Pietri, who entitled his writing “Never forget” and excelled later as a lawyer in the union struggle, recalled that the invasion was defeated by the Cuban people in three days.
He explained that “upon learning about the victory, the FUPI students held a solidarity march in Rio Piedras municipality at night, and we were attacked by a colonialist mob.”
Of course, the police only arrested 14 of us, myself included, they took us to the Puerta de Tierra prison in the islet of San Juan. During the trial, we were all exonerated by Judge Marcelino Flores, he noted.
The former leader, one of the founders of the Pro-Independence Movement (MPI) of Puerto Rico, said that they were later reprimanded for allegedly proclaiming “Russia yes, Yankees no”, when in fact “we were saying Cuba yes, Yankees no.”

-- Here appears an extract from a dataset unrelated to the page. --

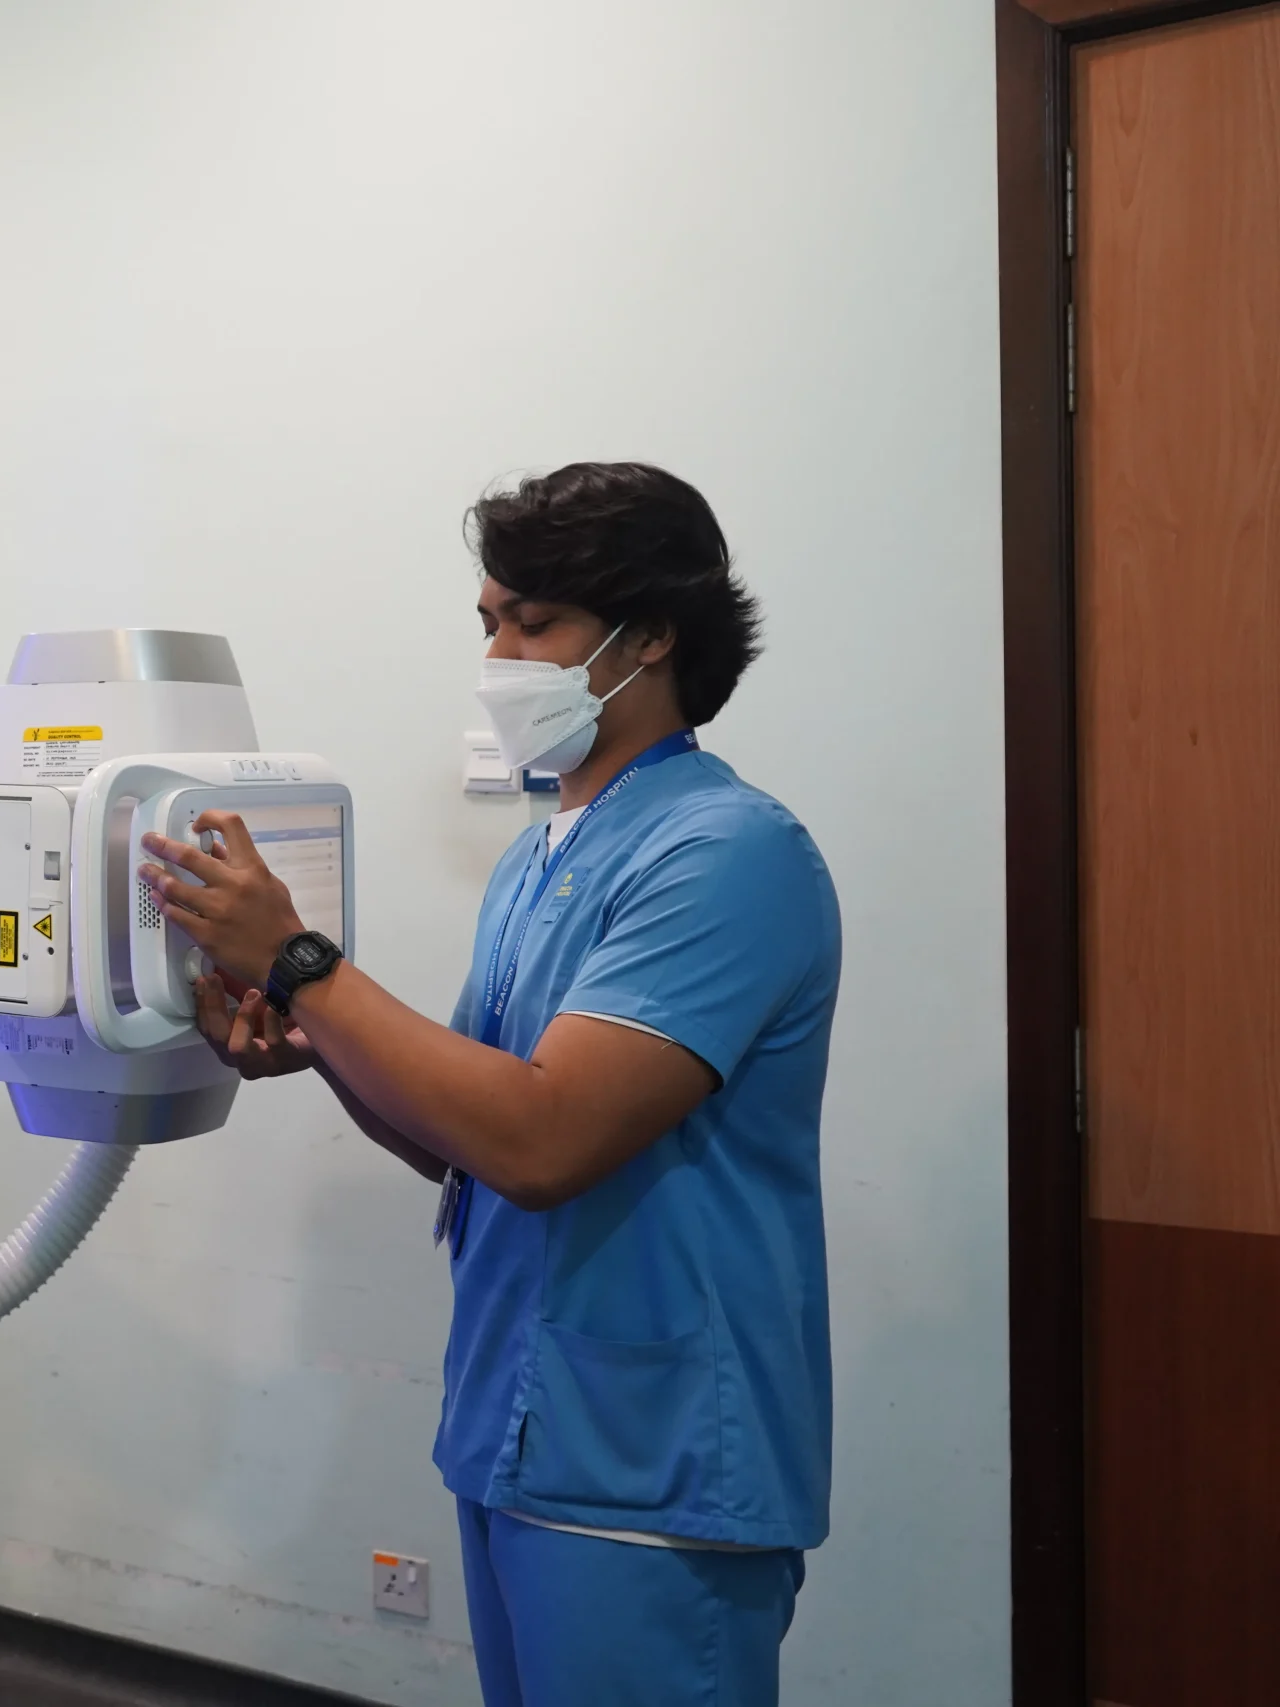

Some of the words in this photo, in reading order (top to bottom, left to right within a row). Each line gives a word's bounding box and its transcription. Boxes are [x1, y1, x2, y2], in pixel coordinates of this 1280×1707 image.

[684, 733, 697, 744] BE
[560, 809, 592, 854] BEACON
[494, 966, 514, 1016] BEACON

Sixty-one years after the Cuban people’s victory in Playa Giron, Pietri highlighted a fragment of a speech by Cuban leader Fidel Castro in which he emphasized the commitment of revolutionaries.
Pietri, who despite the passing of years maintains his commitment to the Cuban Revolution and the independence of Puerto Rico, summed up his statement with the emblematic expression “We shall overcome”.